Он непрерывно занимался серьезными полярными делами. Но внезапно, неожиданно, пожалуй, для самого себя, Борис Александрович увлекся одной, если можно так выразиться, литературно-лингвистической идеей: его растревожил, заставил задуматься широко известный по роману В. А. Каверина «Два капитана» лозунг «Бороться и искать, найти и не сдаваться». Он помнил, что эти слова — надгробная надпись на могиле выдающегося английского антарктического путешественника Роберта Скотта, погибшего на обратном пути с Южного полюса в 1912 г.
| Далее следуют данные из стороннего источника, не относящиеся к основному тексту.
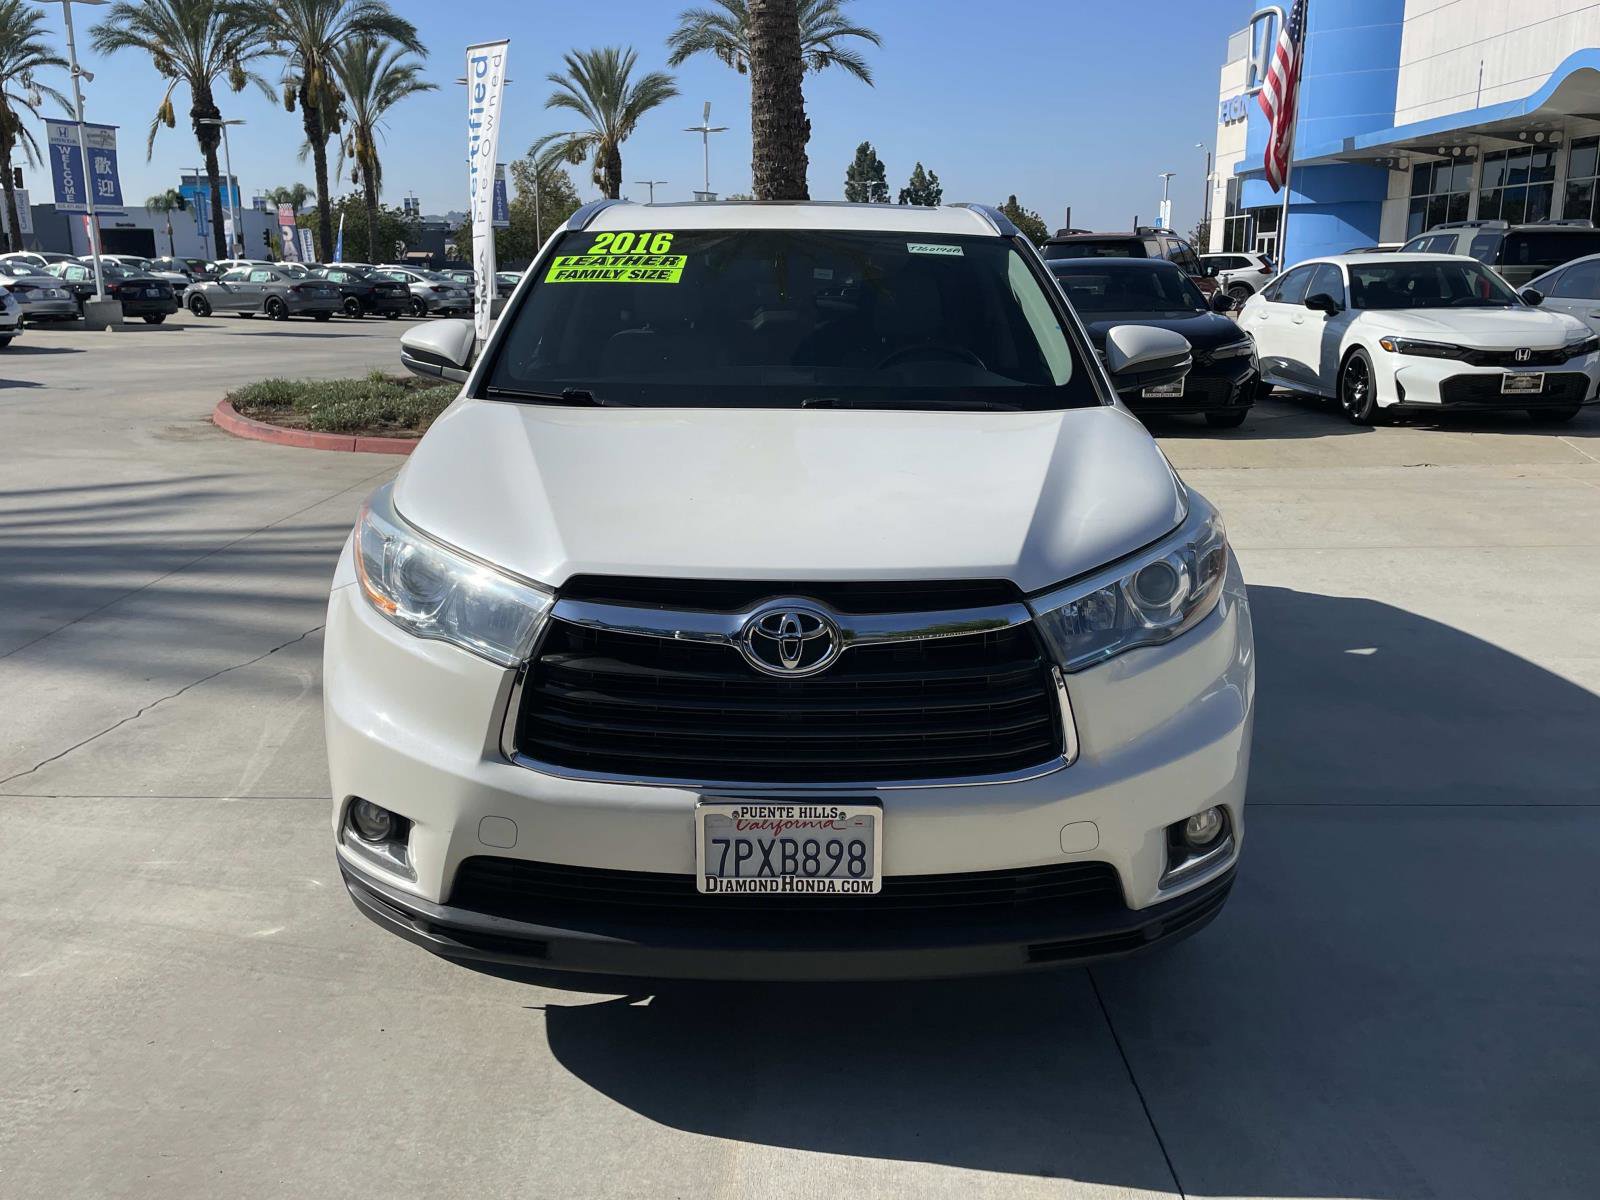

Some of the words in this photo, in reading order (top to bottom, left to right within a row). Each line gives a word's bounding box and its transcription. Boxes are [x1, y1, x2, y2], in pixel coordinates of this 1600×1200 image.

Он знал также, что впервые эта фраза прозвучала на английском языке в стихотворении поэта XIX в. Альфреда Теннисона «Улисс», но теперь Борис Александрович вдруг заподозрил, что русский перевод сделан неточно, что по всей сути трагического события, случившегося в 1912 г. на Южном полюсе, нужно перевести примерно так: «Дерзать, искать, найти, но не пожать плодов!»
Догадка не подтвердилась, прежний перевод стихотворной строки оказался точен. Однако характерен и символичен сам факт обращения к ней полярника Кремера. Он всю свою жизнь дерзал, искал, находил, не сдавался. Тяжело болел последние годы, но ни словом, ни намеком не давал понять, что ему больно, плохо, что в любую секунду может случиться беда. Только говорил близким, что хотел бы быть похороненным на Северной Земле, там, где начиналась его жизнь полярника, где прошли наиболее насыщенные, драматические и героические годы, где покоятся останки Ильи Ивановича Шенцова, где сам Борис Александрович устанавливал весной 1965 г. урну с прахом своего друга, знаменитого полярного исследователя-первооткрывателя Георгия Алексеевича Ушакова.
Он не был, как говорится, ни академиком, ни героем (если иметь в виду официальные чины-звания). А был рыцарем Арктики, большим исследователем, подлинным ученым. Однако вряд ли самому Борису Александровичу пришлось бы по душе, если бы кто-нибудь вслух назвал его так: герой, «рыцарь» — он был скромен, не выносил напыщенности, трескучей фразеологии. Он всегда спокойно и по-деловому называл себя полярником, не больше и не меньше. Видимо, этого вполне достаточно. Как будет достаточно, если новое океанское научно- исследовательское судно назовут: «Полярник Кремер», а на географической карте Северной Земли появится гора полярника Кремера или полярная станция его имени ... 13 января 1976 г. в Москву приехал заместитель директора Британского полярного института им. Р. Скотта, доктор Т. Армстронг. Всякий раз, бывая в СССР, он стремился поскорее встретиться с «Борисом», которого очень любил. Но последняя встреча не состоялась: именно в этот день Бориса Александровича не стало. Выступая на траурной панихиде, его английский друг нашел удивительно точные слова: «Дорогой Борис, вы навсегда останетесь для всех нас, людей разных национальностей, образцом и олицетворением полярника».